*Task details*. Every entry below needs to be printed again exactly, with its pictures left out.

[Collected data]

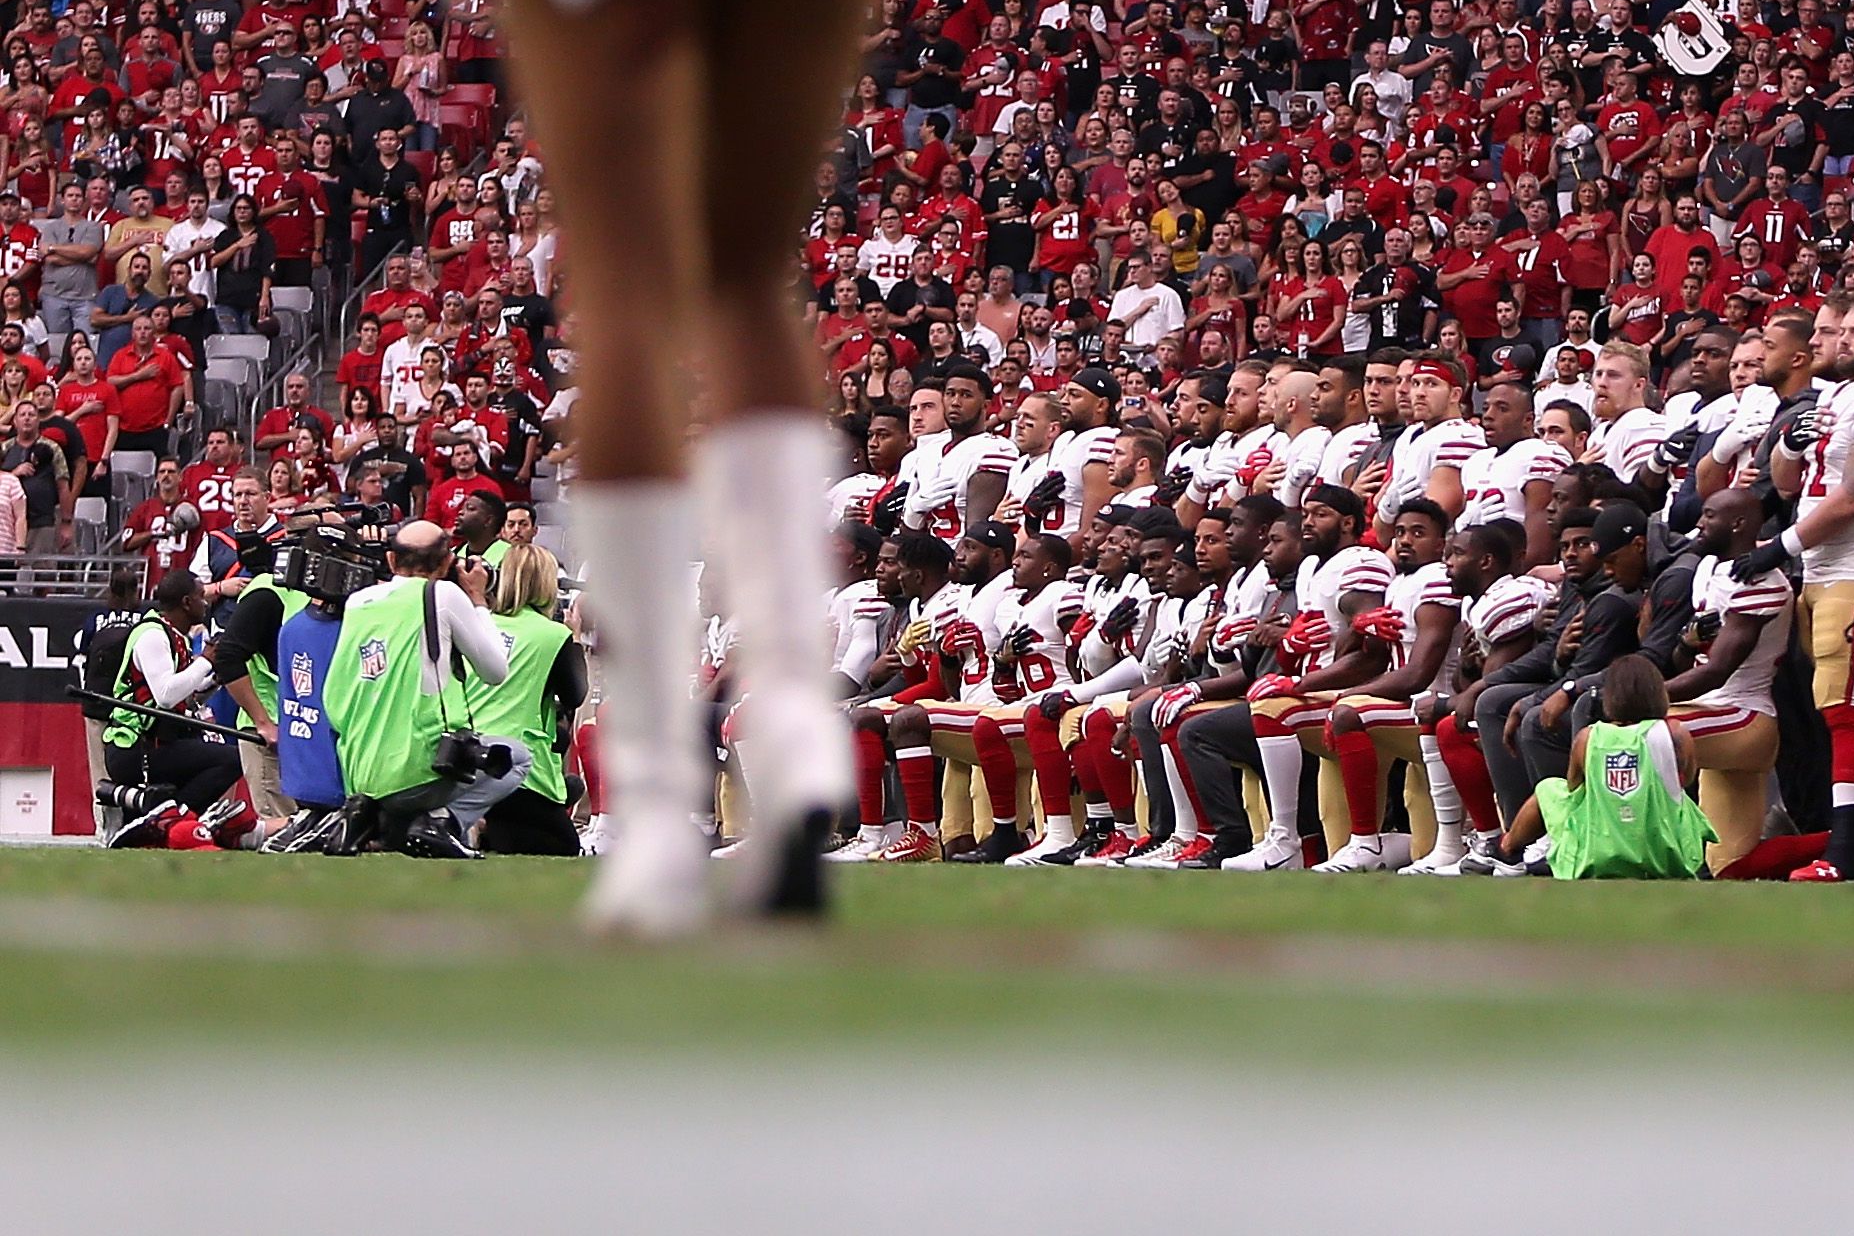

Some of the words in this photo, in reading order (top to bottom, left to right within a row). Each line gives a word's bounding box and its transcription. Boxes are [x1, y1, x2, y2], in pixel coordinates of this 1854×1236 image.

[194, 11, 227, 25] 49ERS
[228, 166, 266, 197] 52
[1052, 211, 1081, 241] 21
[1765, 214, 1784, 243] 11
[1608, 768, 1636, 787] NFL

*Problem solution*.
Some of the words in this photo, in reading order (top to bottom, left to right within a row). Each line gives a word's bounding box and its transcription. Boxes are [x1, y1, x2, y2], in pixel coordinates of this 1854×1236 image.

[194, 11, 227, 25] 49ERS
[228, 166, 266, 197] 52
[1052, 211, 1081, 241] 21
[1765, 214, 1784, 243] 11
[1608, 768, 1636, 787] NFL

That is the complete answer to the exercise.